I lost something, but it wasn’t any weight.

I lost my balance and stepped off wrong and practically broke my foot.  Dumbass.

I tried dieting.  My friend told me that switching to one of those sugar substitutes would cut out some stupid amount of sugar from my diet. So I cut out sugar from my coffee (I know, right!) and soda.  I also tried implementing more healthy meals into my family’s repertoire.   My husband wrinkles his nose at whatever new dish I try.  Makes me want to not have sex with him… I tried a food journal.  Writing down everything I ate and not seeing a difference in my weight only made me dread the task.  I tried cutting out sweets in general; no desserts, no candy (except the gum I STILL have to chew to avoid a cigarette craving), no ice cream, nothing.  Mmmm…  ice cream…

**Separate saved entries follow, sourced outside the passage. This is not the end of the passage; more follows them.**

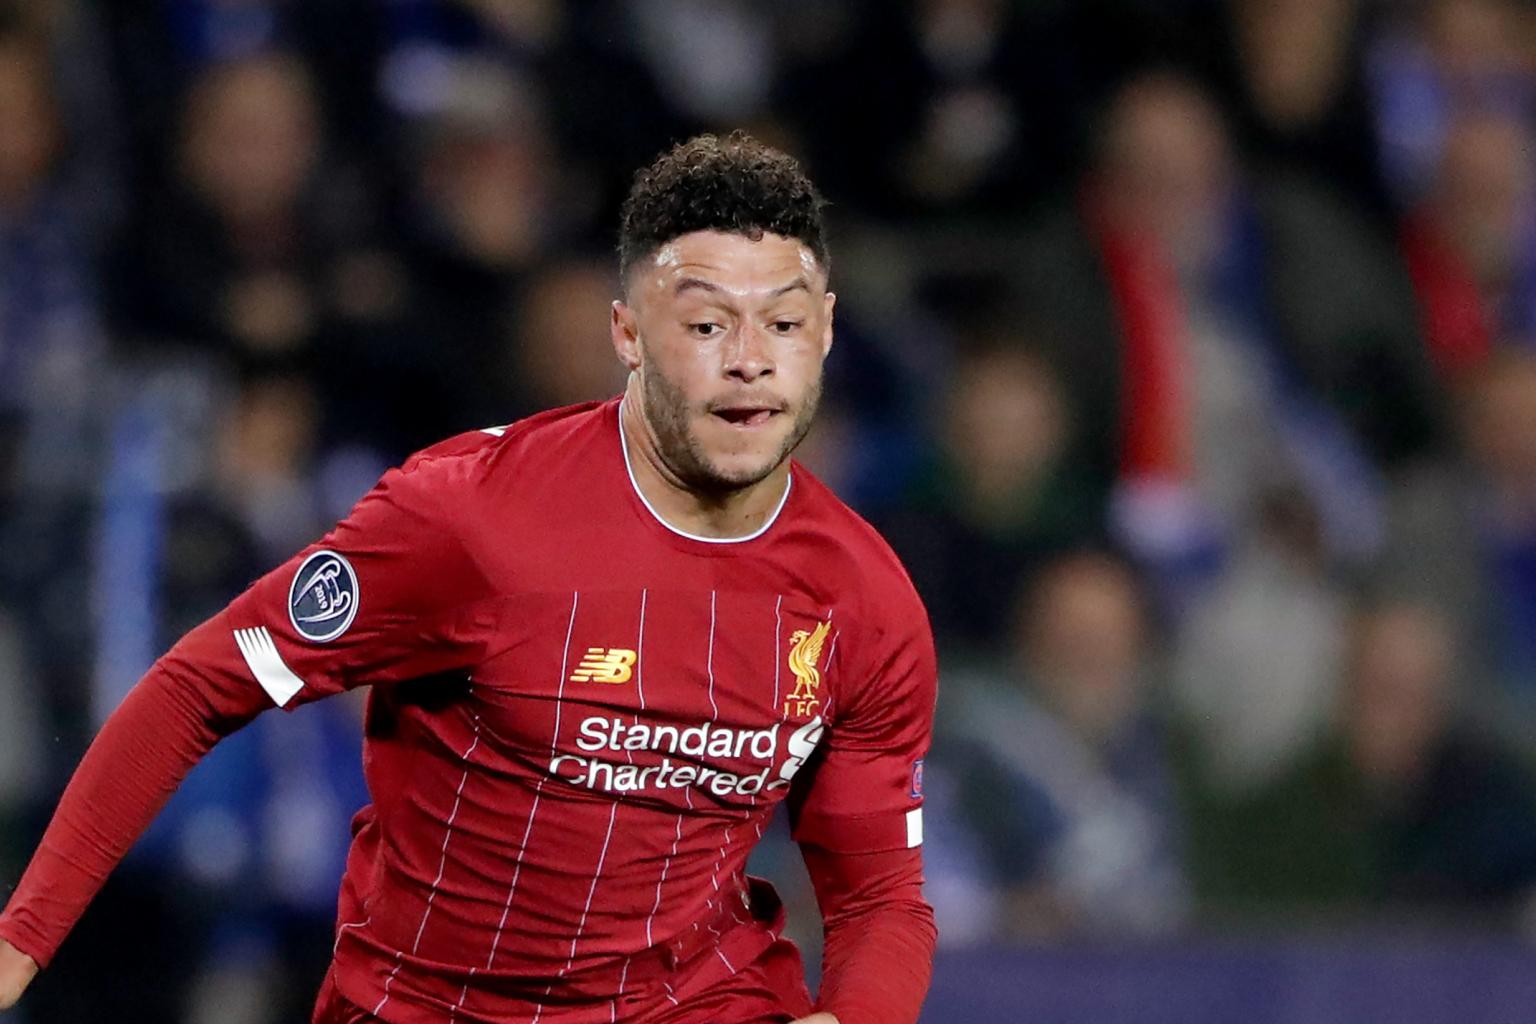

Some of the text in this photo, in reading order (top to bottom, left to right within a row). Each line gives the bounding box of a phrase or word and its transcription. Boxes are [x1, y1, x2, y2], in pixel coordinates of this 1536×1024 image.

[314, 584, 328, 610] 2019
[576, 716, 781, 760] Standard
[548, 754, 771, 796] Chartered
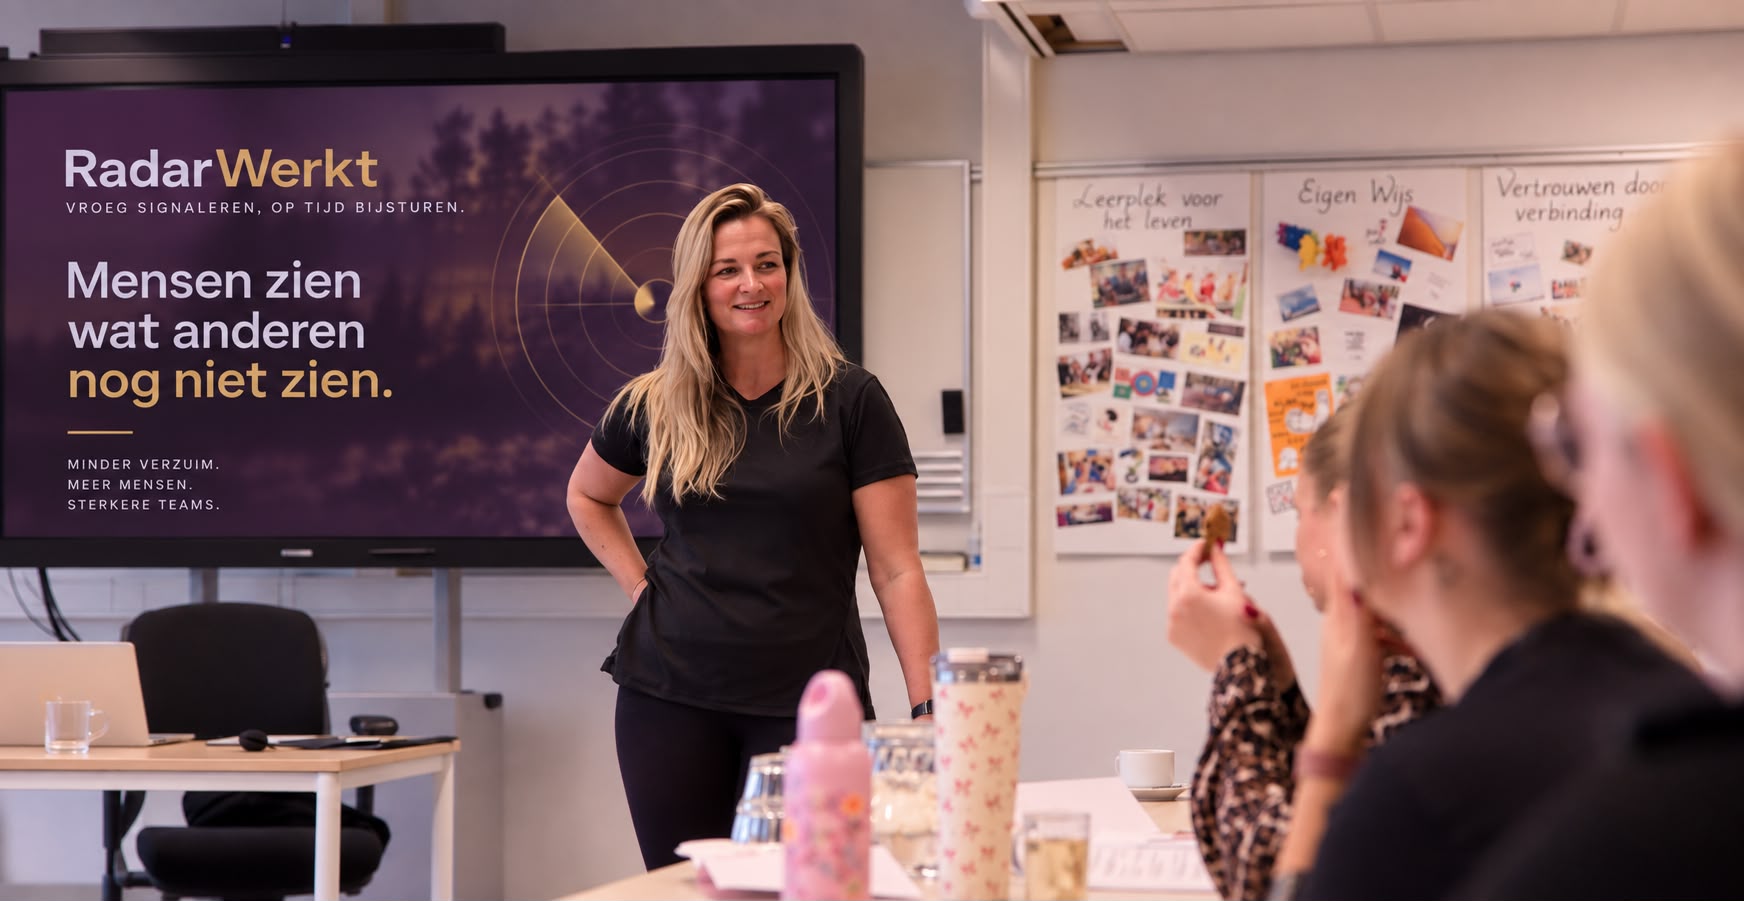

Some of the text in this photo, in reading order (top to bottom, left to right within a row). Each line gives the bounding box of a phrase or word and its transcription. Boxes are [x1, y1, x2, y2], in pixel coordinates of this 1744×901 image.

[65, 148, 378, 188] RadarWerkt
[1497, 167, 1615, 197] Vertrouwen
[66, 201, 465, 216] VROEG SIGNALEREN, OP TIJD BIJSTUREN.
[1073, 184, 1223, 214] Leerplek voor
[1298, 175, 1414, 217] Eigen Wijs
[1103, 210, 1193, 230] het leven
[1515, 200, 1625, 232] verbinding
[67, 259, 362, 299] Mensen zien
[67, 310, 365, 349] wat anderen
[68, 359, 393, 408] nog niet zien.
[67, 459, 220, 470] MINDER VERZUIM.
[67, 479, 193, 490] MEER MENSEN.
[67, 499, 221, 511] STERKERE TEAMS.

I quickly discovered that I have no will power.  None.  Nada. Zip.  Zero. (Ok, wait a minute, I lost my train of thought cause I had to go get me some ice cream.  Can you say FAT BASTARD? Aw, COME ON!  It’s Rocky Road!)  So, yeah, no will power.  It was basically depleted when I well… you know.


Then a friend told me about Jillian Michaels’ 30 Day Shred workout video.  I was a little reluctant because on her show she’s this mega bitch that nobody likes.  Another friend of mine told me she was annoying, but the workout was good.  And shit, 20 minutes a day is a whole hell of a lot better than an hour on the Wii whilst my children whine in the background.  I can squeeze it in at the end of the day after the rats go to bed or I can do it while the booger naps.

Photo courtesy of

I’m sold.  Walmart $9.  Go there.  Buy it.  Seriously.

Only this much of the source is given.